Time to forcefully oust Mugabe

Successful intervention by neighboring African states has been done before.

In the past decade, working as a US diplomat and then as a human rights advocate, I've had the perversely unique opportunity to meet on occasion with one of the longest-serving dictators in the world, President Robert Mugabe of Zimbabwe.

These three- or four-hour marathon meetings were right out of central casting, with an out-of-touch octogenarian autocrat spouting vitriol against the British, democracy, and American corporate interests while sipping tea and speaking in an English accent even Queen Elizabeth would envy.

In one of the early meetings, no one in the room at that time took seriously his vague threat that he would rather watch his house burn down then give away the key to the presidential mansion. Mugabe's latest announcement that he is forming a new government without the opposition despite their power-sharing deal clarifies what he meant: that he would never leave power willingly as long as he was alive, and that he would destroy the country if he had to in order to maintain his grip on power.

He's made good on his promise: Half the country faces starvation, the government – which once boasted a literacy rate higher than America's – spends 18 cents per student per year on education, food prices double every 24 hours with the world's highest inflation rate, and a cholera epidemic rages as the once-stellar healthcare system collapses.
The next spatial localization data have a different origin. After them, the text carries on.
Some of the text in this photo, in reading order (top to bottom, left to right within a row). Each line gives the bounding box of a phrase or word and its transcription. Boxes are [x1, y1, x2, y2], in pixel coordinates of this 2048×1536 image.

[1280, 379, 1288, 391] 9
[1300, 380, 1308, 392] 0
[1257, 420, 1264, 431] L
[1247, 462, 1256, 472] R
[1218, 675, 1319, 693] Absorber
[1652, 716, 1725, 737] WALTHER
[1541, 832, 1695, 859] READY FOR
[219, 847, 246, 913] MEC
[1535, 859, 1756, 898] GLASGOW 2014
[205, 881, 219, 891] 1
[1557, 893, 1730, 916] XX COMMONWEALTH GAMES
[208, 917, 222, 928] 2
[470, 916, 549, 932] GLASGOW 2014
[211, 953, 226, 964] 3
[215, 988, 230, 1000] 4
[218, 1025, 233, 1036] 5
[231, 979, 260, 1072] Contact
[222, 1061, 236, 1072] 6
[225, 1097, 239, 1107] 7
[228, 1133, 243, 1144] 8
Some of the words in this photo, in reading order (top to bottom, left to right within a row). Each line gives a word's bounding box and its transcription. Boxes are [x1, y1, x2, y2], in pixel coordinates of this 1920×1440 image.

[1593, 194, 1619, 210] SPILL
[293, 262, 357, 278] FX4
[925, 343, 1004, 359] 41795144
The situation is dire but not hopeless, if the international community – including the incoming Obama administration – is willing to move beyond the failed strategy aimed at cobbling together a coalition government with a man whose entire worldview is predicated on maintaining absolute power by any means necessary.

For a real solution in Zimbabwe, there are two credible choices: isolation or intervention. Neither is cost-free, and both are fraught with dangers. But now that the house is burning, we must take away Mugabe's key.

A strategy of isolation would involve widening and deepening targeted sanctions against regime officials and building a coalition to enforce them. Beyond that, Zimbabwe's southern African neighbors could close their borders with Zimbabwe to all but refugees and humanitarian supplies, and interdict all energy and arms exports to Zimbabwe.

Furthermore, the UN Security Council could refer the case of Zimbabwe to the International Criminal Court in order to investigate the systematic denial of food to people on the basis of their political affiliation as well as the widespread use of torture by the state.

There are significant risks in this approach. The humanitarian crisis could deepen, pushing millions into actual starvation. Mugabe could order his militias and security services to intensify their attacks against civilian populations deemed unsupportive of the regime. His government could block access by humanitarian groups and thousands could die of cholera and other epidemics.

The truth, however, is that much of this is already happening, but in slow motion. Mortality rates are creeping upward because of an explosion of untreated AIDS cases, combined with spiraling malnutrition rates. Zimbabwe already has among the lowest life expectancy rates in the world, hovering around 40 years by the UN's last count.

There may be a faster solution. When the situation in Idi Amin's Uganda spiraled out of control and he began destabilizing neighbors, Tanzania intervened in 1979 and overthrew Amin's regime. When Charles Taylor's destruction of Liberia and Sierra Leone became untenable, Nigeria and other neighbors sent troops, and the US sent warships off Liberia's coast in a concerted regional push to successfully urge Taylor to resign and leave the country in 2003. When Congo's Mobutu Sese Seko's divide-and-conquer approach to government began creating security problems for neighbors, they supported rebel groups to overthrow him in 1997.

As refugees, crime, and disease flow across their borders from Zimbabwe, the time has come for neighboring governments to expedite Mugabe's departure. South Africa remains the key, and the incoming Obama administration would do well to hold early talks with President Kgalema Motlanthe and ruling party leader Jacob Zuma about how this might be accomplished.

Opposition leader Morgan Tsvangirai, who is returning to Zimbabwe for more talks with Mugabe next week, should be congratulated for his exhaustive efforts to find a negotiated solution to the conflict. But the likelihood of successful talks remains low, and the international community should not delay putting the wheels in motion to oust Mugabe. It will probably be messy in the short run and not without unintended consequences. But the status quo will guarantee that any hope for Zimbabwe – and huge numbers of its people – will eventually cease to exist.

John Prendergast is co-chair of Enough, a Center for American Progress project focused on ending genocide and crimes against humanity (www.enoughproject.org). He is the coauthor with Don Cheadle of "Not on Our Watch."